INSTRUCTIONS FOR THE TASK:
Copy out the listing that follows exactly, dropping every picture.
=-=-=-=-=
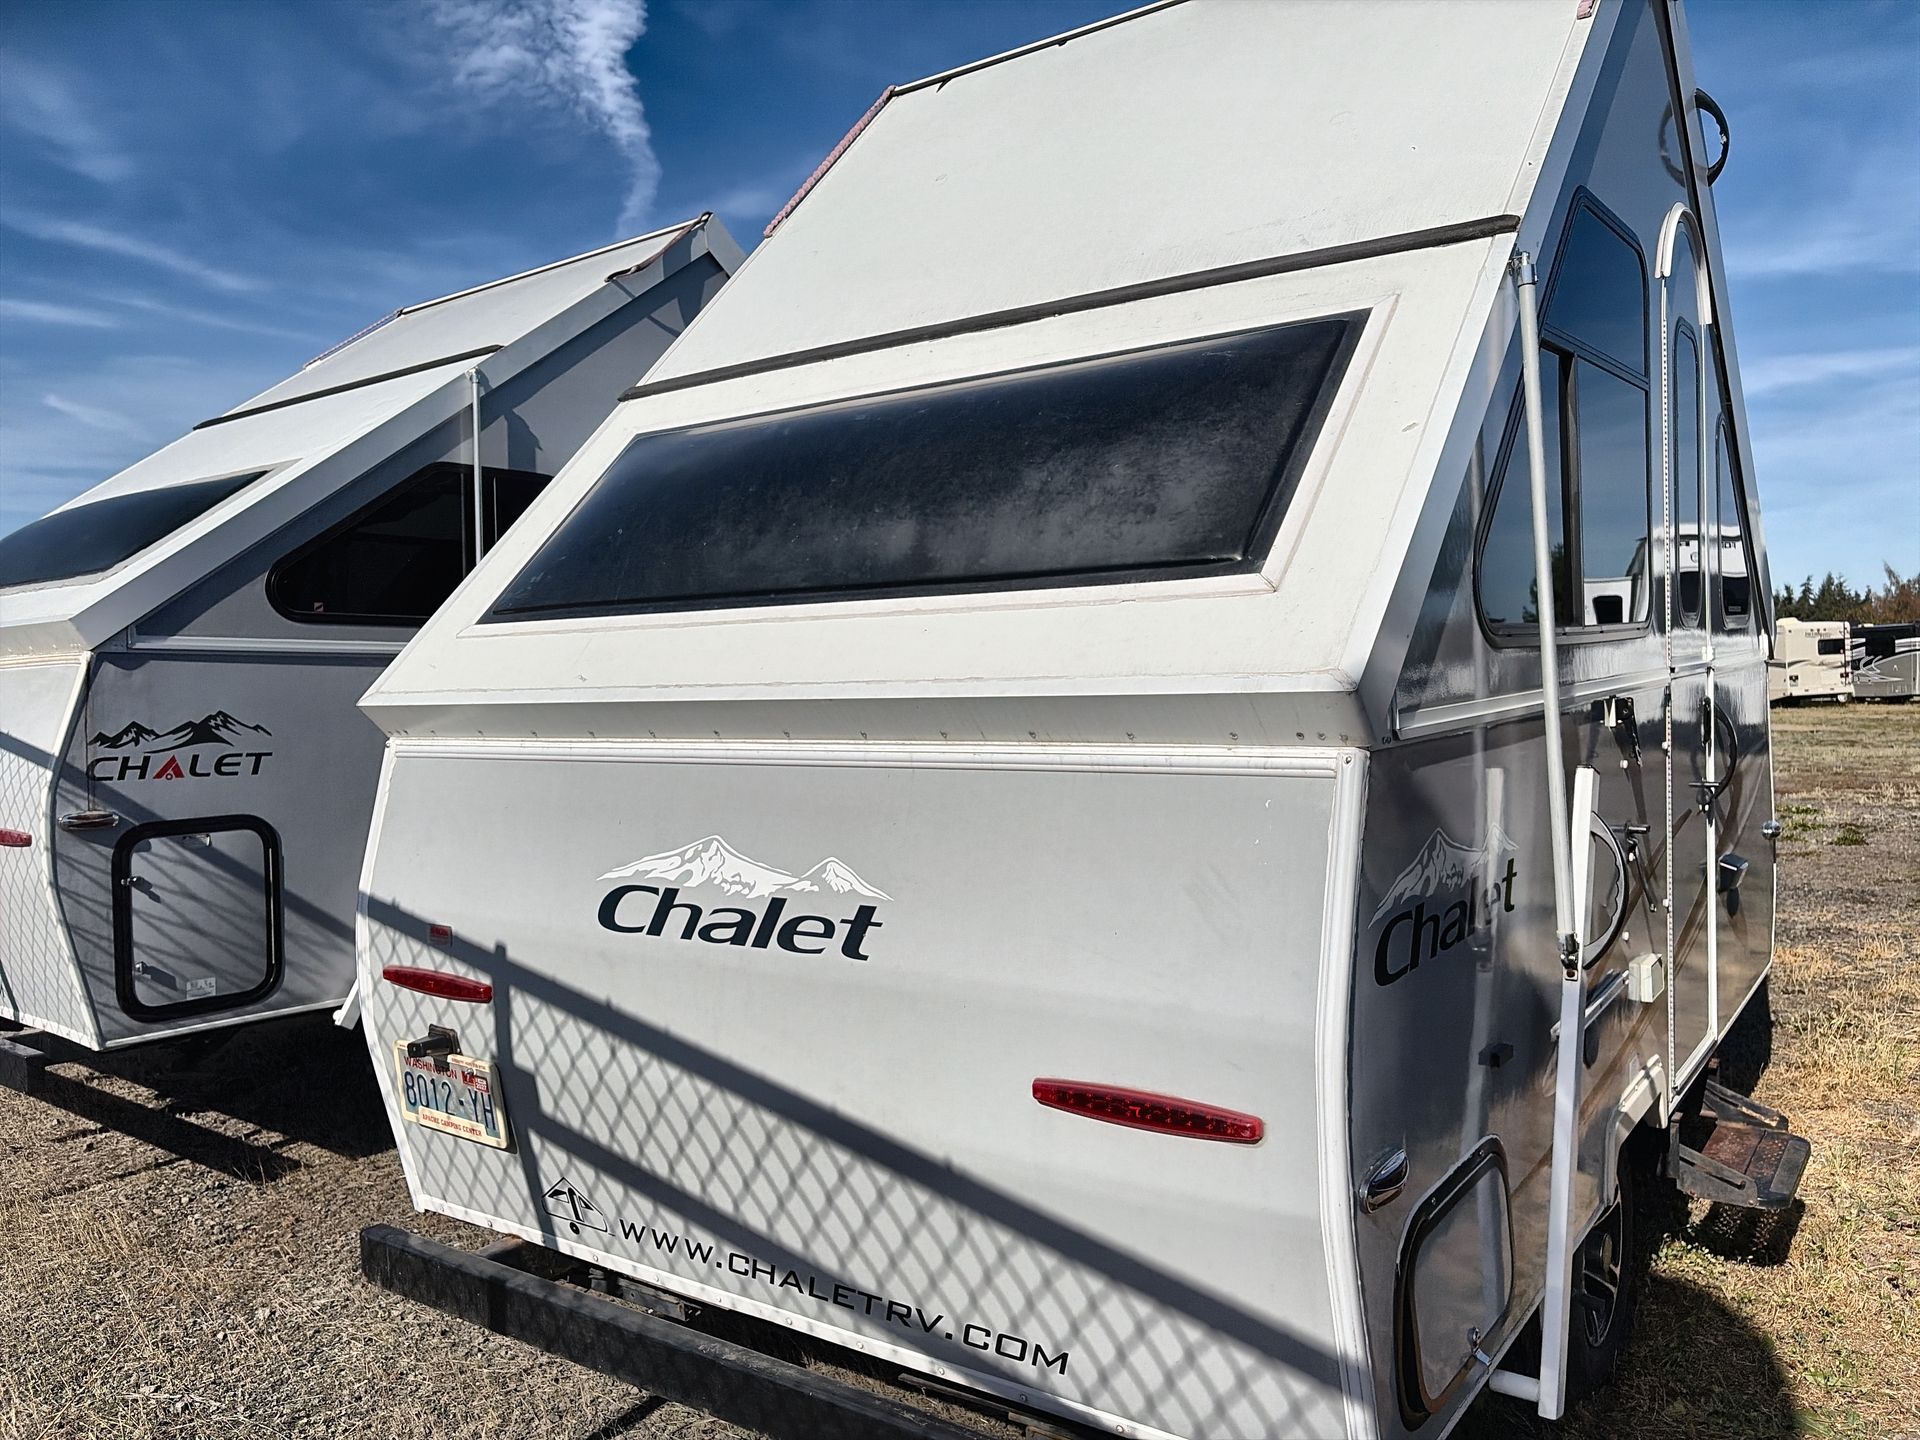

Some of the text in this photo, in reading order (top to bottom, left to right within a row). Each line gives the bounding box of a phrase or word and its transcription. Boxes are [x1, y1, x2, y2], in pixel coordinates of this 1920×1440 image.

[86, 751, 273, 782] CHALET
[597, 884, 884, 961] Chalet
[1374, 857, 1518, 986] Chalet
[440, 1118, 462, 1131] CAMPING
[462, 1125, 483, 1137] CENTER
[619, 1218, 1070, 1376] WWW.CHALETRV.COM
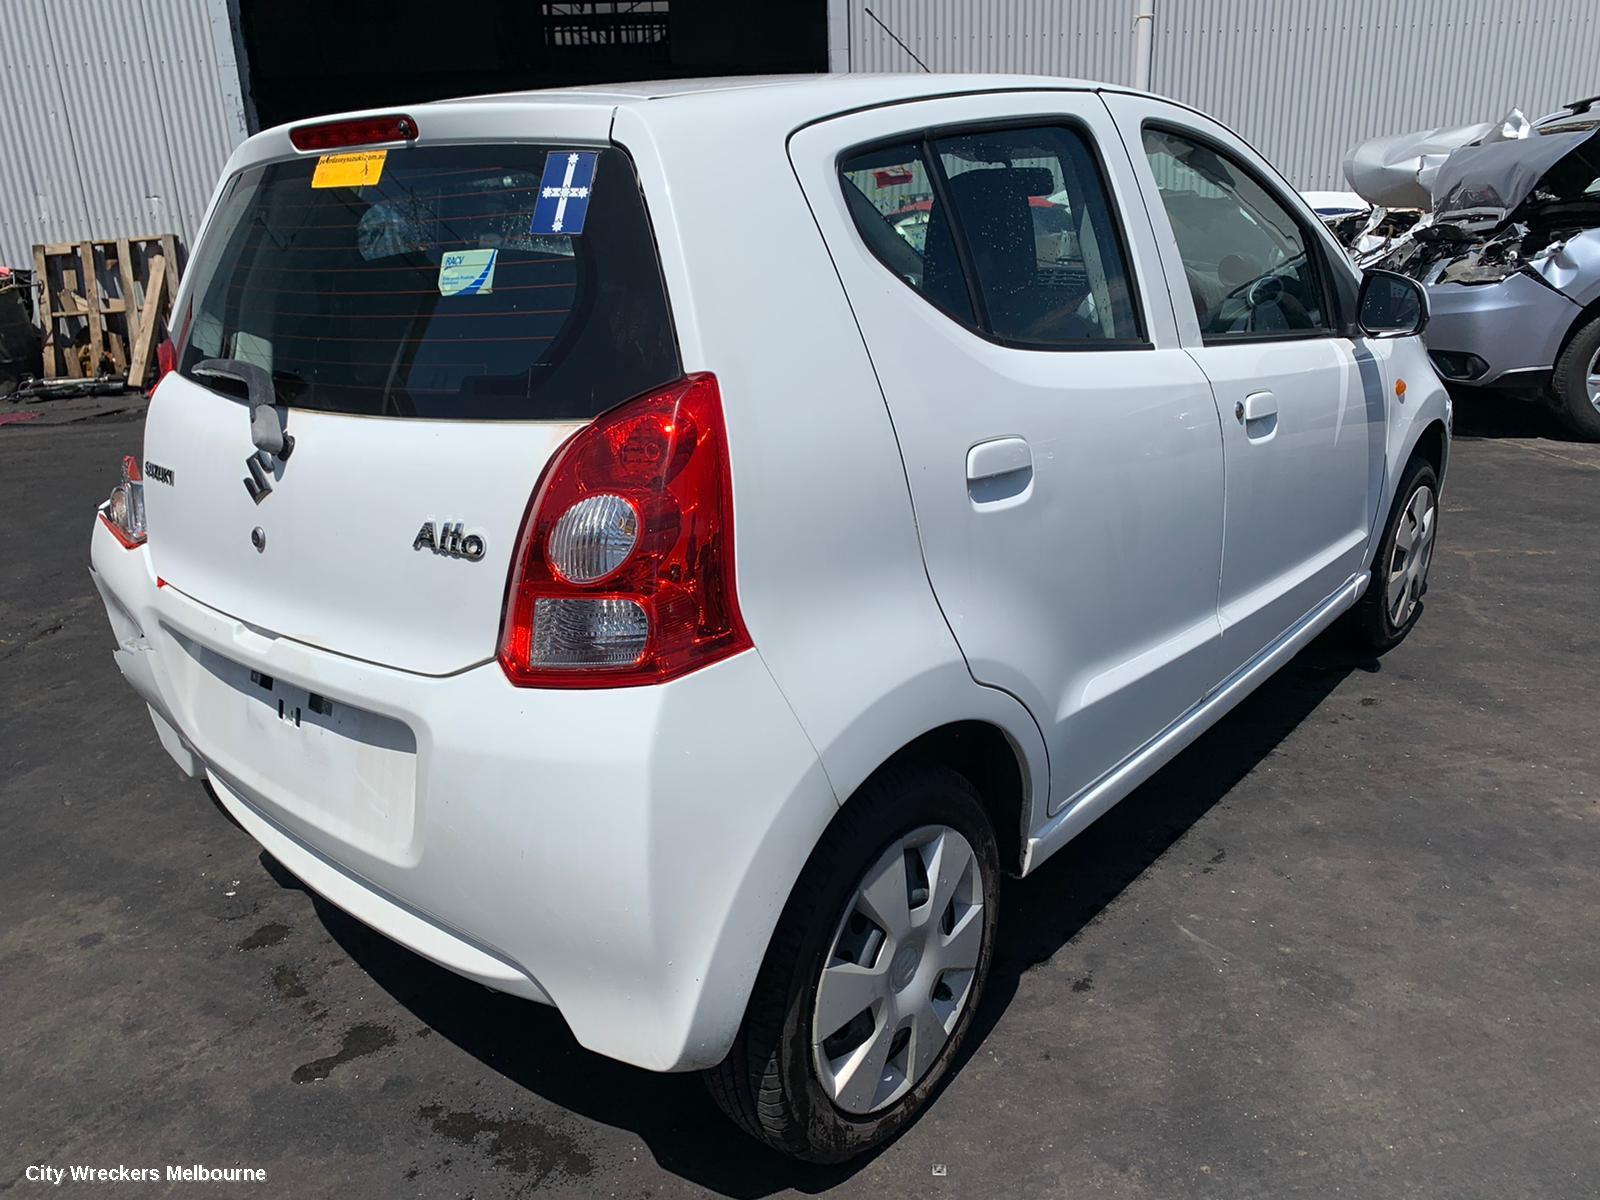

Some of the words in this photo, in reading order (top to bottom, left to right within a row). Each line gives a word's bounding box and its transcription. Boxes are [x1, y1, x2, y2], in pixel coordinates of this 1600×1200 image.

[446, 256, 464, 265] RACV
[144, 461, 174, 487] SUZUKI
[412, 521, 486, 562] Alto
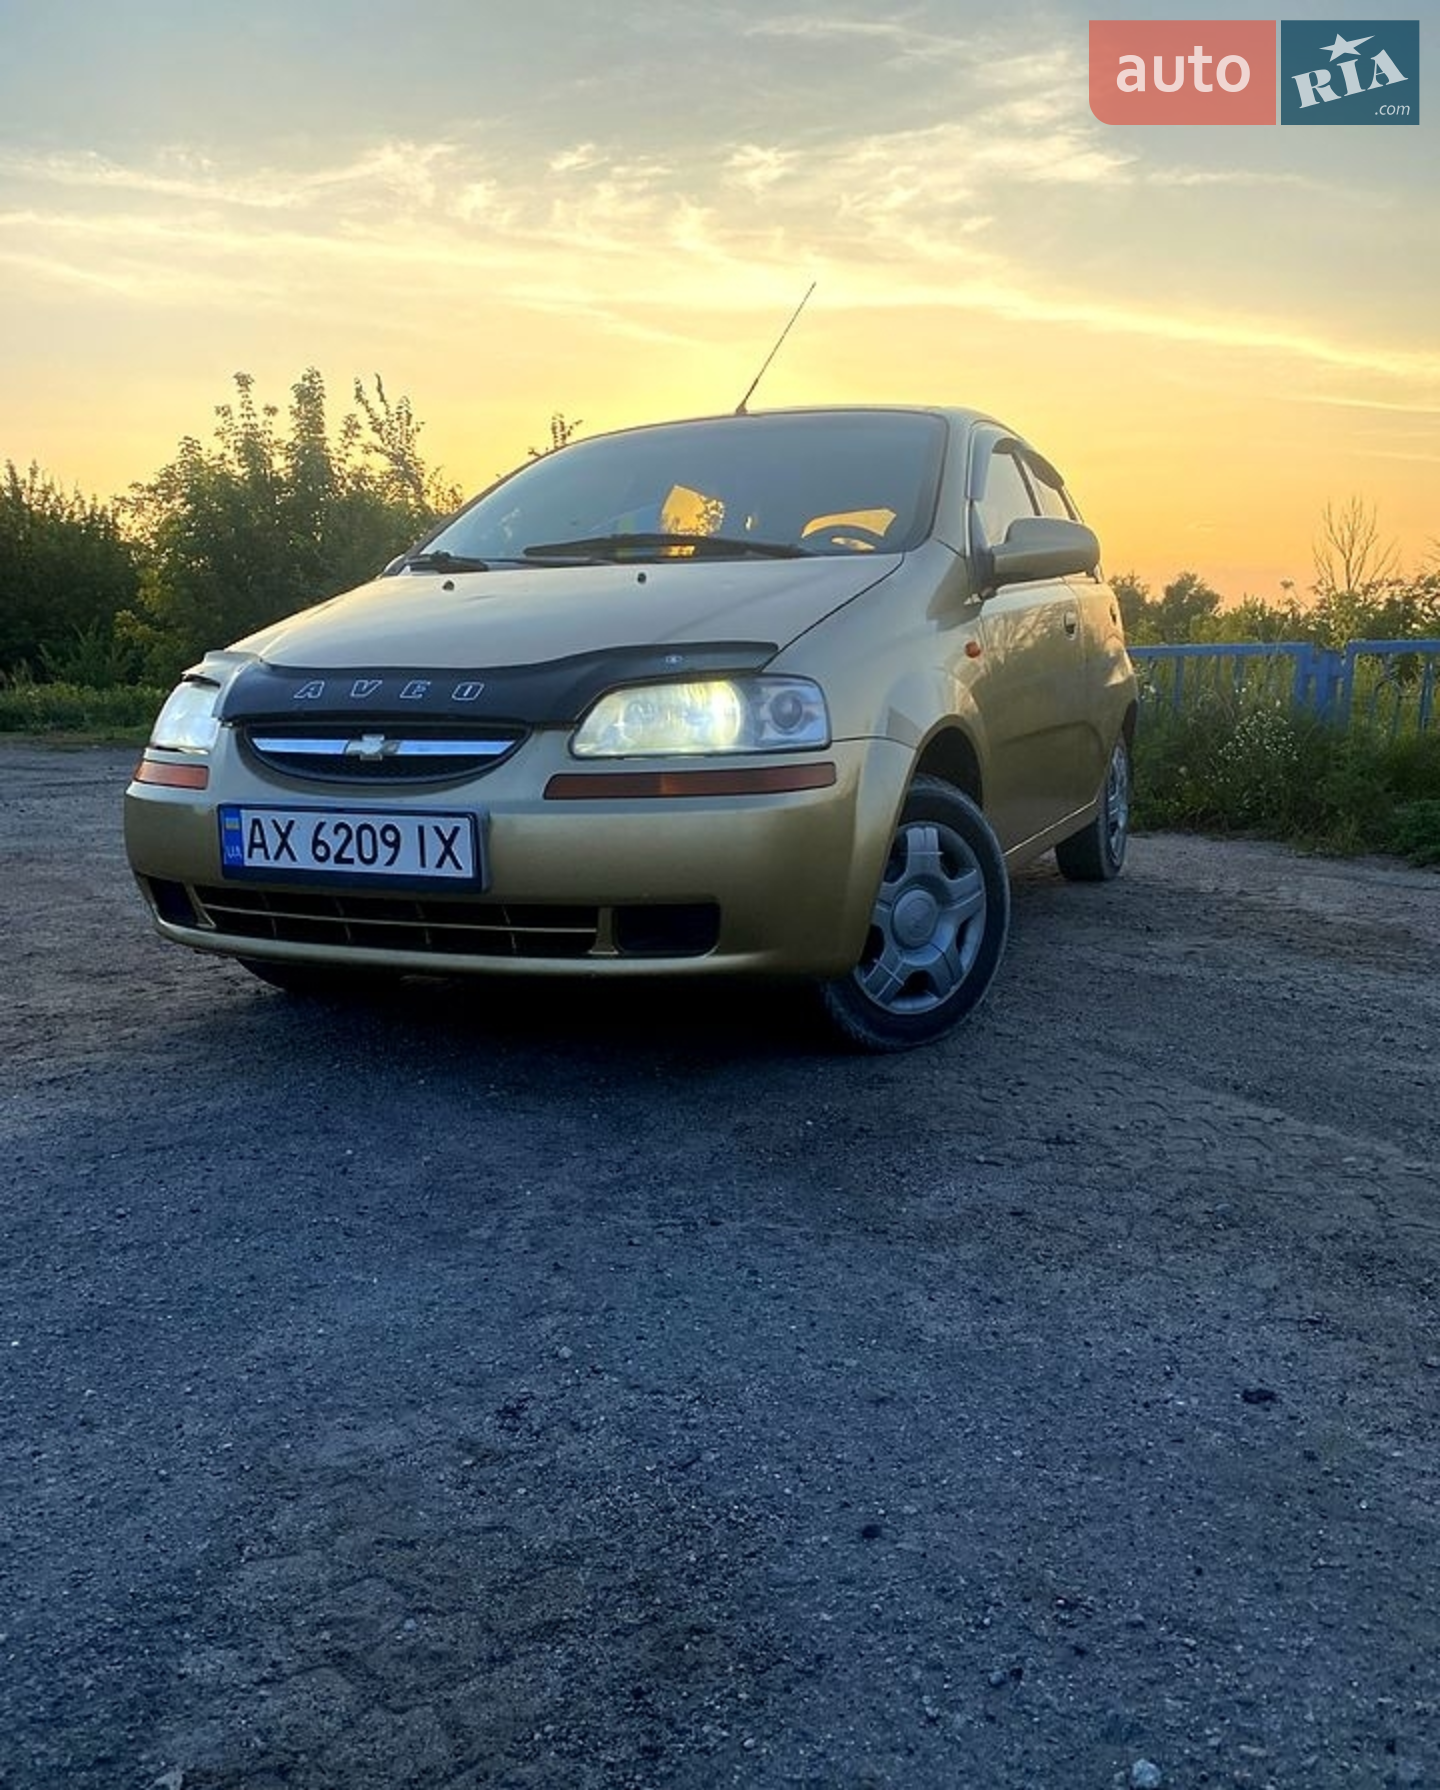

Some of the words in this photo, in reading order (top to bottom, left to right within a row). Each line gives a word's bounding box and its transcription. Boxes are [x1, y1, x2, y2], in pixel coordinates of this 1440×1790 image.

[294, 680, 485, 701] AVEO
[247, 818, 297, 862] AX
[311, 821, 401, 867] 6209
[417, 824, 463, 871] IX
=-=-=-=-=
THE ANSWER:
Some of the text in this photo, in reading order (top to bottom, left to right within a row). Each line gives the bounding box of a phrase or word and its transcription. Boxes are [x1, y1, x2, y2], in pixel coordinates of this 1920×1440 image.

[86, 751, 273, 782] CHALET
[597, 884, 884, 961] Chalet
[1374, 857, 1518, 986] Chalet
[440, 1118, 462, 1131] CAMPING
[462, 1125, 483, 1137] CENTER
[619, 1218, 1070, 1376] WWW.CHALETRV.COM

Some of the words in this photo, in reading order (top to bottom, left to right within a row). Each line gives a word's bounding box and its transcription. Boxes are [x1, y1, x2, y2], in pixel coordinates of this 1600×1200 image.

[446, 256, 464, 265] RACV
[144, 461, 174, 487] SUZUKI
[412, 521, 486, 562] Alto

Some of the words in this photo, in reading order (top to bottom, left to right within a row). Each line gives a word's bounding box and its transcription. Boxes are [x1, y1, x2, y2], in pixel coordinates of this 1440×1790 image.

[294, 680, 485, 701] AVEO
[247, 818, 297, 862] AX
[311, 821, 401, 867] 6209
[417, 824, 463, 871] IX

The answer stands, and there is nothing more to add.